Legume Research

  • Chief EditorJ. S. Sandhu

  • Print ISSN 0250-5371

  • Online ISSN 0976-0571

  • NAAS Rating 6.80

  • SJR 0.391

  • Impact Factor 0.8 (2023)

Frequency :
Monthly (January, February, March, April, May, June, July, August, September, October, November and December)
Indexing Services :
BIOSIS Preview, ISI Citation Index, Biological Abstracts, Elsevier (Scopus and Embase), AGRICOLA, Google Scholar, CrossRef, CAB Abstracting Journals, Chemical Abstracts, Indian Science Abstracts, EBSCO Indexing Services, Index Copernicus
Legume Research, volume 47 issue 2 (february 2024) : 318-322

Management of Cercospora Leaf Spot of Mungbean [Vigna radiata (L.) Wilczek] using Fungicides and Host Resistance in Bundelkhand Region of Uttar Pradesh, India

Durga Prasad1,*, Kshitij Gupta1, Virendra Pratap Singh1
1Department of Plant Pathology, Banda University of Agriculture and Technology, Banda-210 001, Uttar Pradesh, India.
  • Submitted20-04-2021|

  • Accepted13-09-2021|

  • First Online 06-10-2021|

  • doi 10.18805/LR-4641

Cite article:- Prasad Durga, Gupta Kshitij, Singh Pratap Virendra (2024).
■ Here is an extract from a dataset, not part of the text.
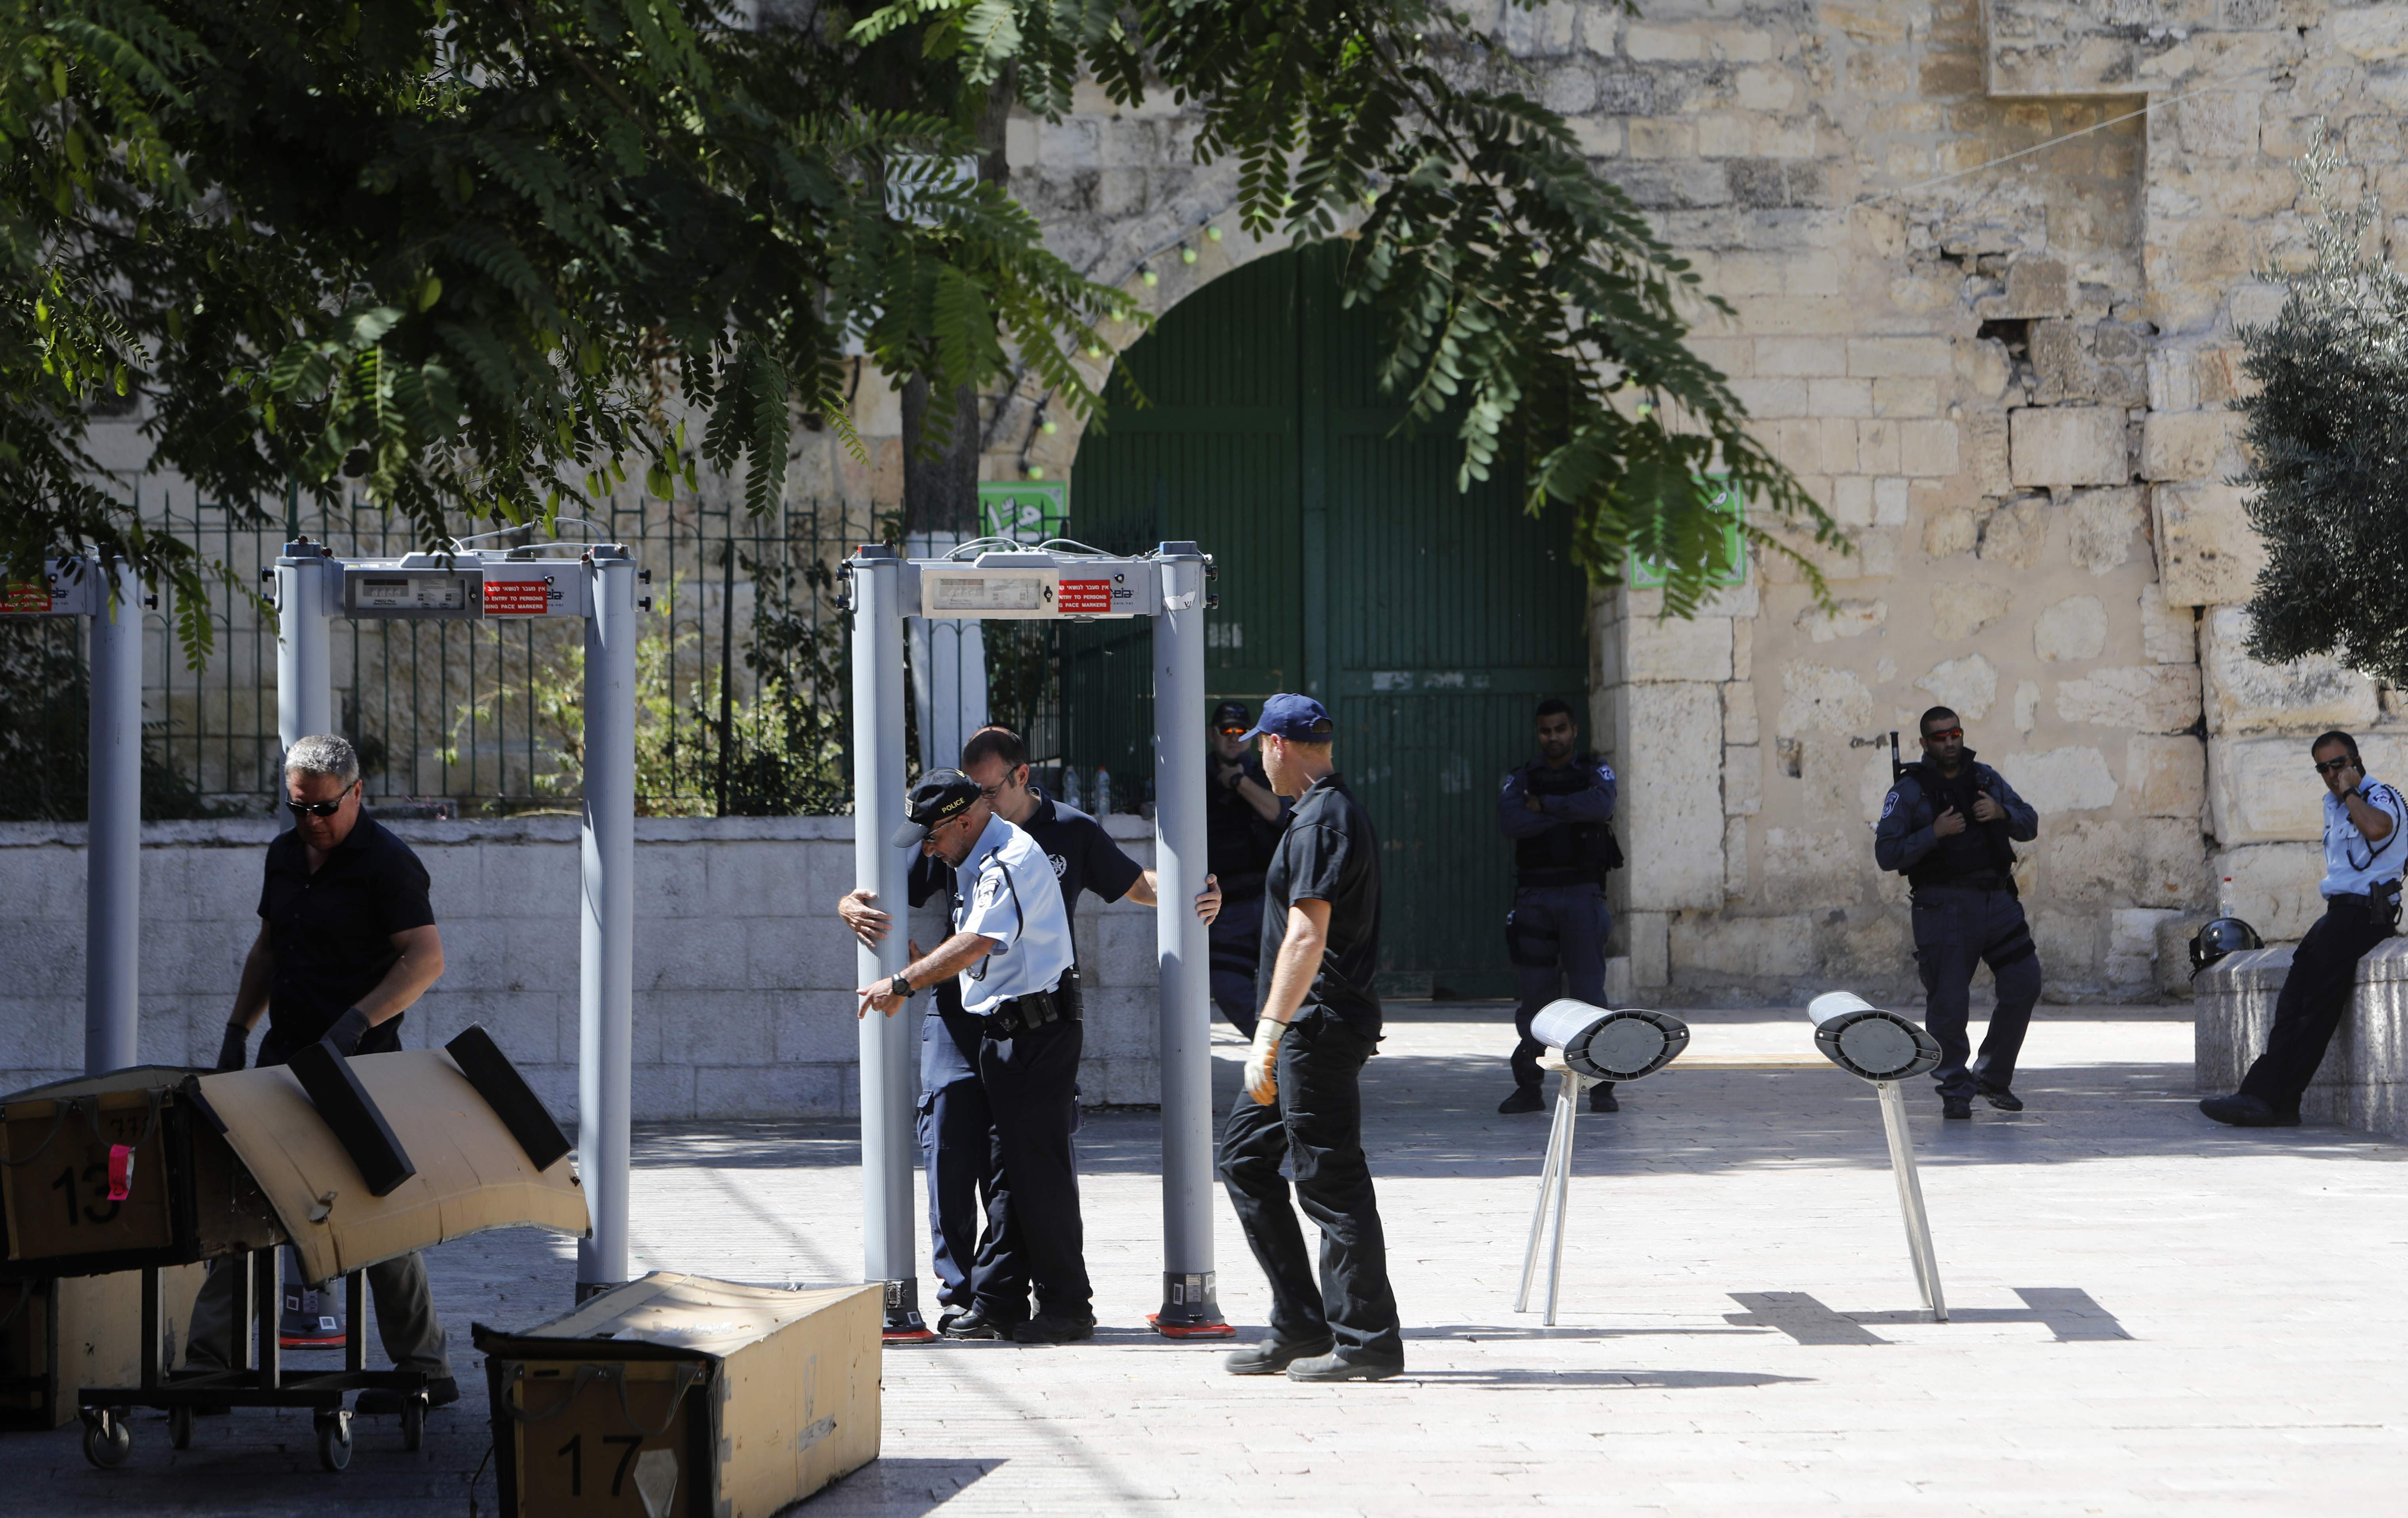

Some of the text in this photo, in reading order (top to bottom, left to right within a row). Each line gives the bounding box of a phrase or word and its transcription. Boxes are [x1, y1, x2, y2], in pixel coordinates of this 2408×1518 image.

Management of Cercospora Leaf Spot of Mungbean [Vigna radiata (L.) Wilczek] using Fungicides and Host Resistance in Bundelkhand Region of Uttar Pradesh, India . Legume Research. 47(2): 318-322. doi: 10.18805/LR-4641.
Background: The pulses are important crop of Bundelkhand region of Uttar Pradesh. Among the pulses, mungbean is an important. Despite the multifaceted importance of this crop, its production could not be stabilized in the Uttar Pradesh as well as in the country due to several biotic constraints like diseases and insect-pests leading to considerable yield losses. Among several diseases affecting mungbean, cercospora leaf spot (CLS) caused by Cercospora canescens Ellis and Martin is one of the most important fungal diseases occurring regularly in the mungbean growing areas during the warm and humid weather.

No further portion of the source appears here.